Some cages are regular killer cages, some multiples of the numbers in the cages while a couple are differences between values in the two cells; cages which overlap two nonets can have repeated numbers.
Prelims
a) R4C34 = {18/27/36/45}, no 9
b) R45C8 = {19/28/37/46}, no 5
c) R6C56 = {39/48/57}, no 1,2,6
d) R7C56 = {18/27/36/45}, no 9
e) R89C7 = {19/28/37/46}, no 5
f) R9C23 = {16/25/34}, no 7,8,9
g) R7C89 = 18x(2) cage = 1x2x3x3 = {29/36}
h) R89C6 = 8x(2) cage = 1x2x2x2 = {18/24}
i) 60x(3) cage at R1C6 = 1x2x2x3x5 = {256/345}
j) 15x(3) cage at R1C9 = {135}
k) 108x(3) cage at R3C7 = 1x2x2x3x3x3 = {269/349}
l) 96x(3) cage at R3C9 = 1x2x2x2x2x2x3 = {268/348}
m) 10x(3) cage at R6C7 = {125}
n) 60x(3) cage at R8C5 = 1x2x2x3x5 = {256/345}
o) 720x(4) cage at R6C2 = 1x2x2x2x2x3x3x5 = {2589/3568/4459}, no 1,7
Note that the 14(4) cage at R2C3, which would be in prelims for regular killers, may include repeated numbers.

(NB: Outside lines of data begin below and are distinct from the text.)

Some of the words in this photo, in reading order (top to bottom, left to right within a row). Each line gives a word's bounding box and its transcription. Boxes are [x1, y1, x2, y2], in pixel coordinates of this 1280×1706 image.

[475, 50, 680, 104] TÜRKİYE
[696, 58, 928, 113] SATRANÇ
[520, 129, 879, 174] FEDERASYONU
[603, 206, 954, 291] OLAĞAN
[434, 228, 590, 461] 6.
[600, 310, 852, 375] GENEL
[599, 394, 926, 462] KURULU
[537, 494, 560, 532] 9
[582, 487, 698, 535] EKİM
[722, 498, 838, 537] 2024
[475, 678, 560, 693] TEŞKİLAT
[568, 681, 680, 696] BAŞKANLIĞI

1a. 45 rule on N9 3 innies R7C789 = 10 can only be {136} -> R7C7 = 1, R7C89 = {36}, locked for R7 and N9, clean-up: no 8 in R7C56, no 4,7,9 in R89C7
1b. Naked pair {28} in R89C7, locked for C7 and N9 -> R6C78 = [52], clean-up: no 8 in R45C8, no 7 in R6C56, no 6 in 108x(3) cage at R3C7
1c. Killer pair 2,4 in R7C56 and 60x(3) at R8C5, locked for N8
1d. Naked pair {18} in R89C6, locked for C6 and N8, clean-up: no 4 in R6C5
1e. Naked triple {135} in 15x(3) at R1C9, locked for N3
1f. Naked pair {49} in R3C78, locked for R3, N3 and 108x(3) at R3C7 -> R4C7 = 3, clean-up: no 6 in R4C34, no 7 in R45C8, no 4 in 96x(3) cage at R3C9
1g. Naked pair {67} in R12C7, locked for C7 and N3 -> R1C8 = 8, R3C9 = 2
1h. Naked pair {68} in R45C9, locked for N6, 6 locked for C9 -> R7C89 = [63], clean-up: no 4 in R45C8
1i. Naked pair {15} in R12C9, locked for C9 and N3 -> R2C8 = 3
1j. Naked pair {19} in R45C8, 9 locked for C8 and N6 -> R3C78 = [94], R5C7 = 4, R6C9 = 7
1k. 60x(3) cage at R1C6 = {256/345}, 5 locked for C6 and N2, clean-up: no 4 in R7C5
1l. 2-(2) at R6C3 = {13/46/68}, no 9
1m. Combined cages 2-(2) at R6C3 and R6C56 = {13}{48}/{46/68}{39}, 3 locked for R6
1n. 60x(3) cage at R8C5 = {256/345}, 5 locked for N8, clean-up: no 4 in R7C6
1o. Naked pair {27} in R7C56, locked for R7 and N8, clean-up: no 6 in 60x(3) cage at R8C5
1p. Naked triple {345} in 60x(3) cage, 3 locked for N8 -> R78C4 = [96], clean-up: no 4,8 in R6C3
1q. Naked triple {458} in R7C123, locked for N7, clean-up: no 2,3 in R9C12
1r. Naked pair {16} in R9C23, locked for N7, 1 locked for R9 -> 8x(3) cage at R8C6 = [18], R89C7 = [82]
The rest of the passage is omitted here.